[Image-backed grounding data]
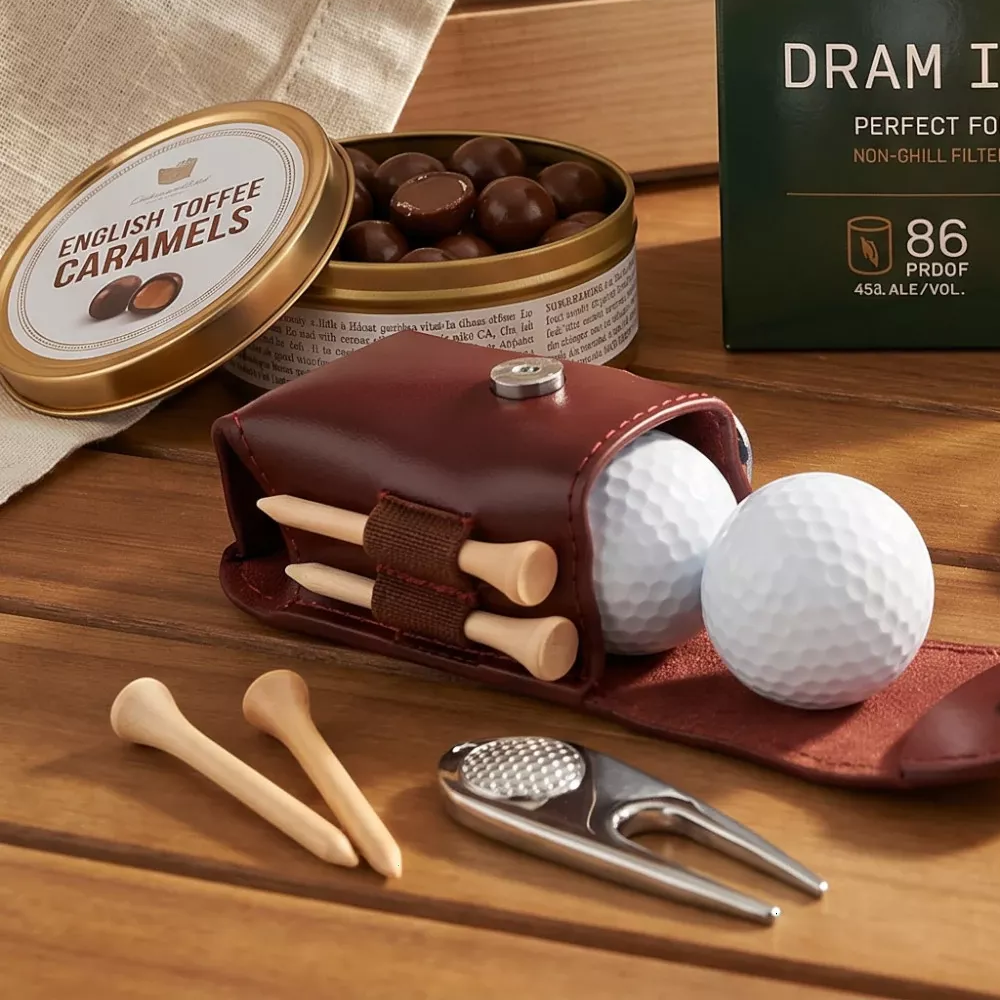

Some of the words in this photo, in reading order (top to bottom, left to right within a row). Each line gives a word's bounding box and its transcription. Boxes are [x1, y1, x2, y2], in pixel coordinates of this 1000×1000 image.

[784, 42, 943, 89] DRAM
[854, 116, 959, 137] PERFECT
[58, 209, 165, 258] ENGLISH
[173, 177, 265, 222] TOFFEE
[906, 218, 968, 258] 86
[53, 205, 253, 289] CARAMELS

§ REQUIRED WORK:
Repeat the lines above exactly, and keep every picture out.

§ YOUR SOLUTION:
Some of the words in this photo, in reading order (top to bottom, left to right within a row). Each line gives a word's bounding box and its transcription. Boxes are [x1, y1, x2, y2], in pixel coordinates of this 1000×1000 image.

[784, 42, 943, 89] DRAM
[854, 116, 959, 137] PERFECT
[58, 209, 165, 258] ENGLISH
[173, 177, 265, 222] TOFFEE
[906, 218, 968, 258] 86
[53, 205, 253, 289] CARAMELS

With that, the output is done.